WHAT YOU SHOULD DO:
Transcribe the entries that follow, every word as written, and drop the pictures.

DATA TO EXAMINE:

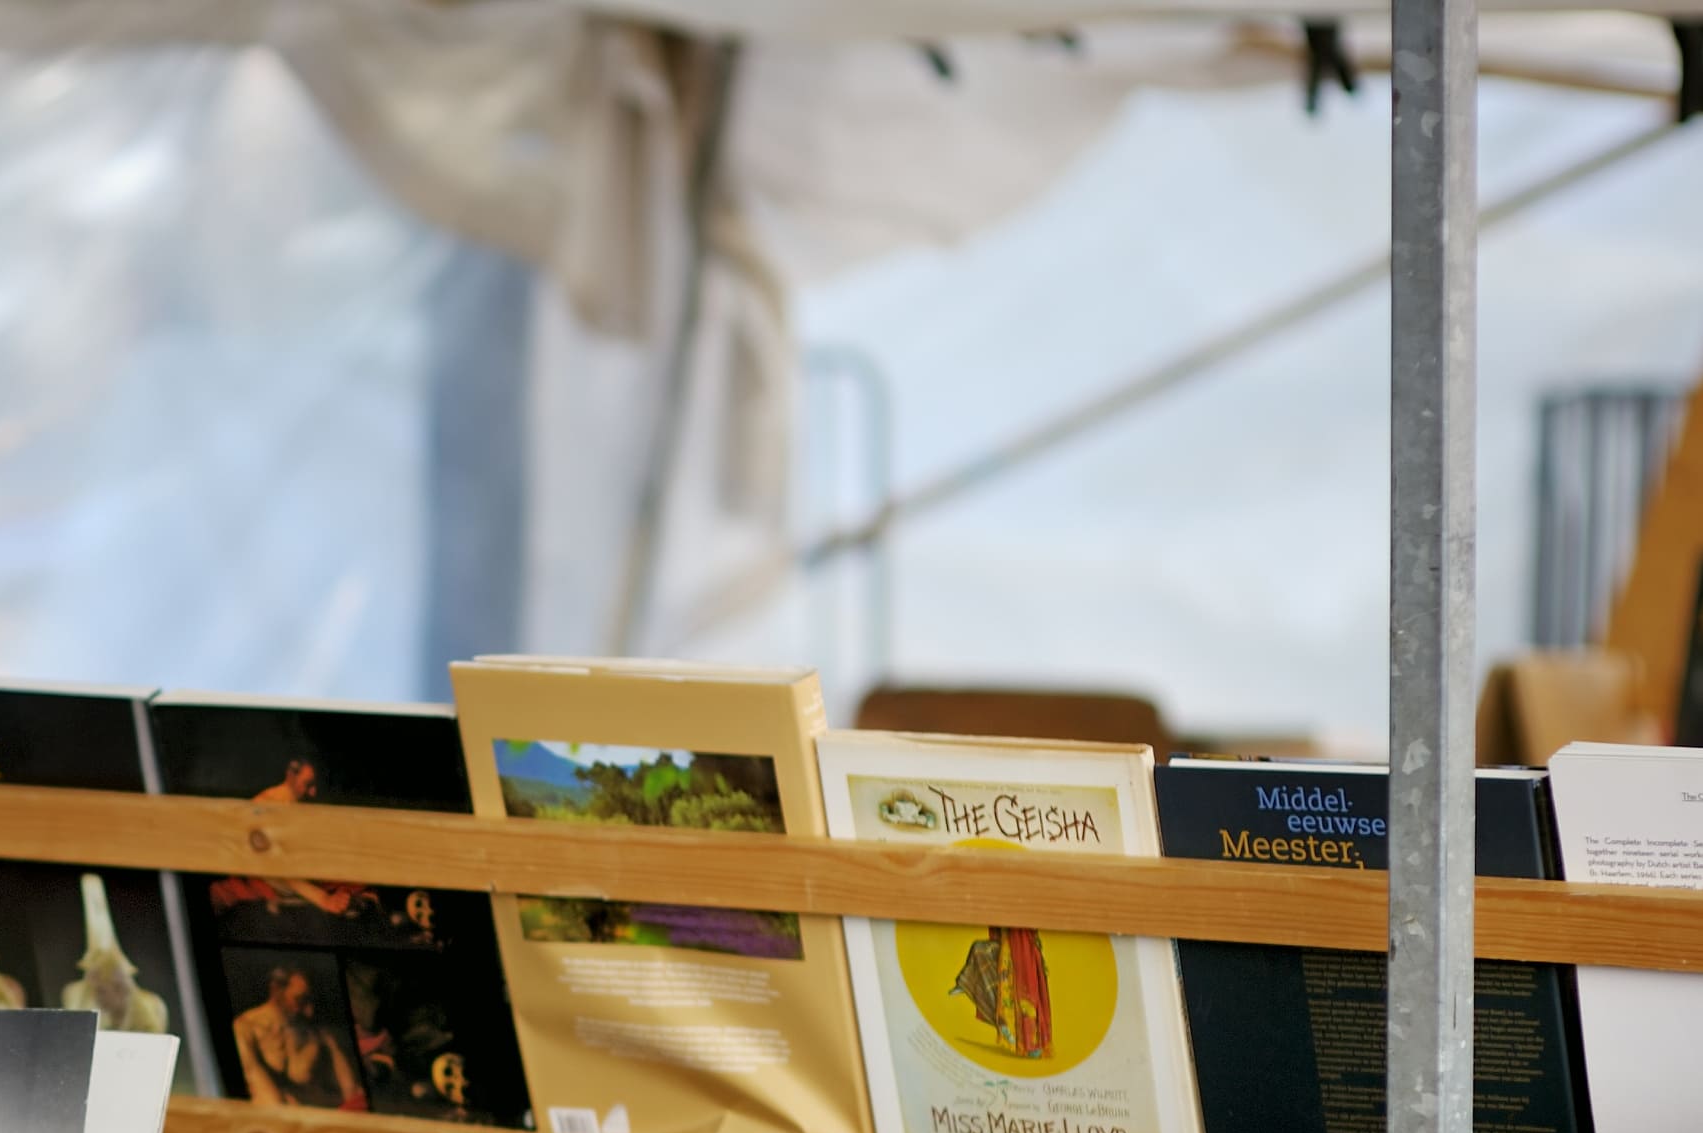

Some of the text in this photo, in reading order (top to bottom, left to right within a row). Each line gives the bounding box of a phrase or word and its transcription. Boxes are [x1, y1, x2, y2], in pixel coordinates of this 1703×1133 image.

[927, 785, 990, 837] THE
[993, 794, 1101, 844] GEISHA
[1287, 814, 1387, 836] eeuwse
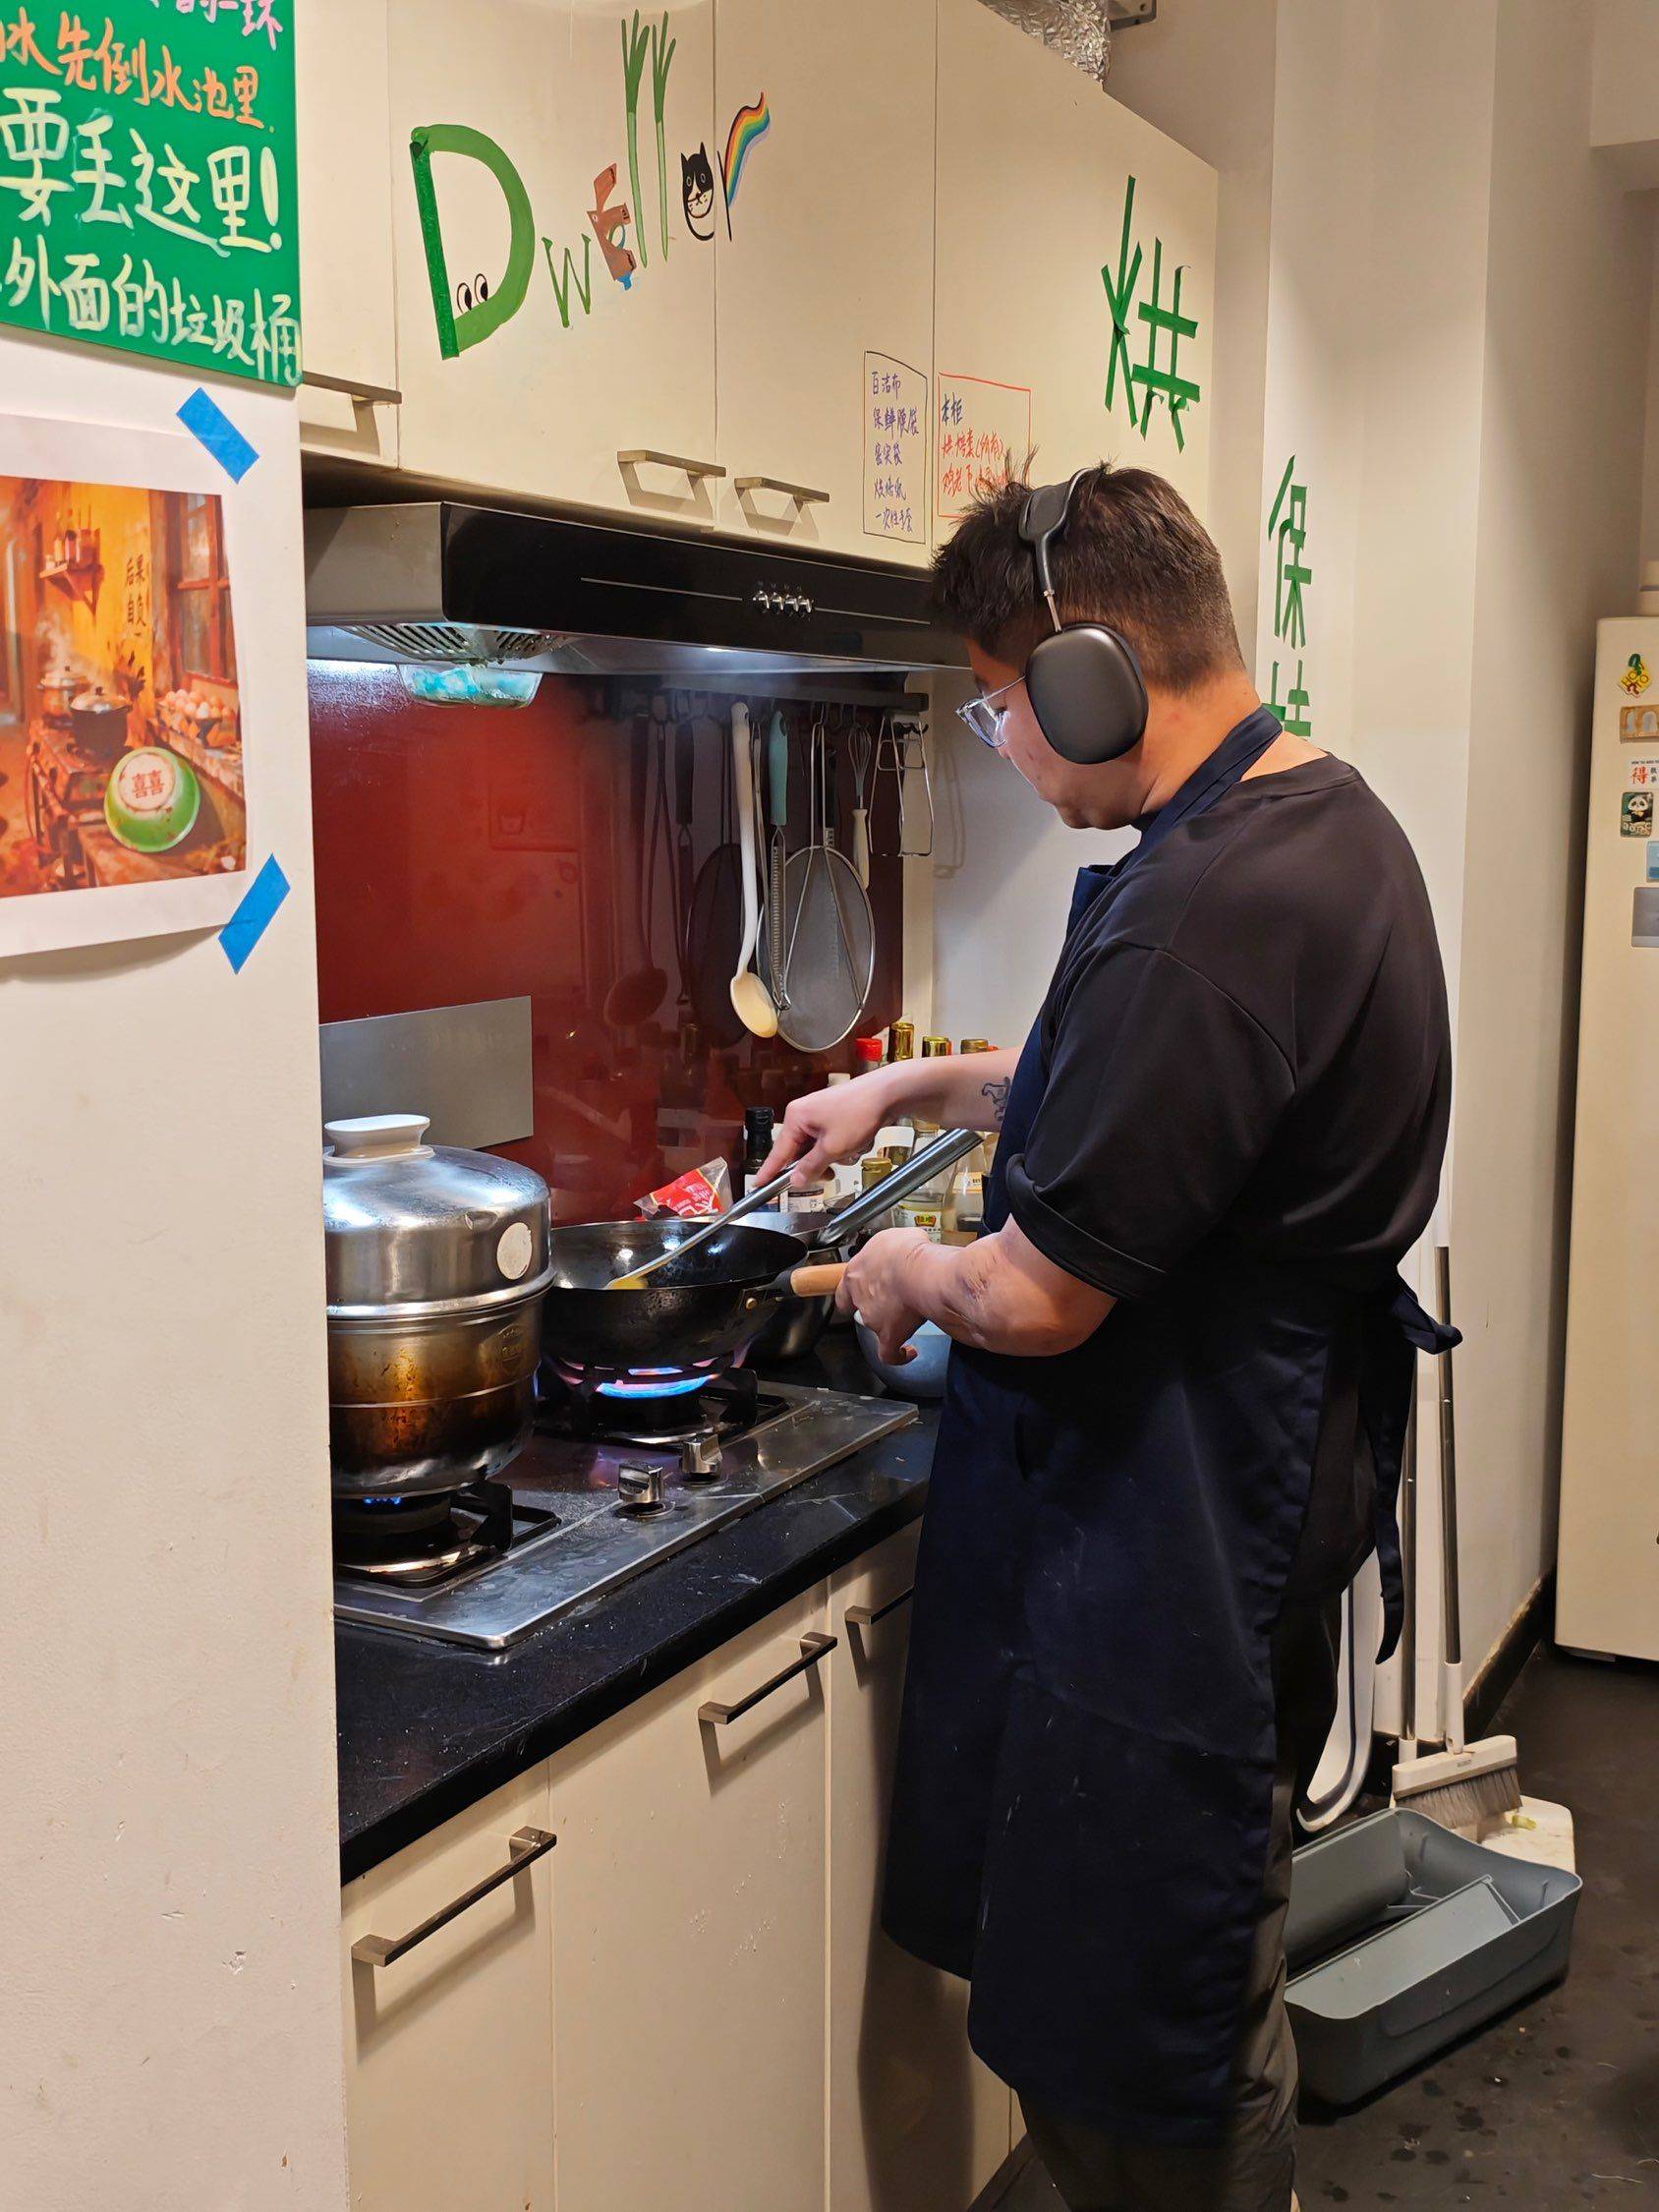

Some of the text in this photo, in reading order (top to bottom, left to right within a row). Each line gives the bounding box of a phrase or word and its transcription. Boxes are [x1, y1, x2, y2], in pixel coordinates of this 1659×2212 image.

OUTPUT FOR THIS EXERCISE:
Some of the text in this photo, in reading order (top to bottom, left to right within a row). Each line gives the bounding box of a phrase or word and its transcription. Boxes are [x1, y1, x2, y2], in pixel coordinates of this 1703×1133 image.

[927, 785, 990, 837] THE
[993, 794, 1101, 844] GEISHA
[1287, 814, 1387, 836] eeuwse

Some of the text in this photo, in reading order (top to bottom, left to right within a row). Each line gives the bounding box of a phrase or word and its transcription. Boxes are [x1, y1, x2, y2], in pixel coordinates of this 1659×2212 image.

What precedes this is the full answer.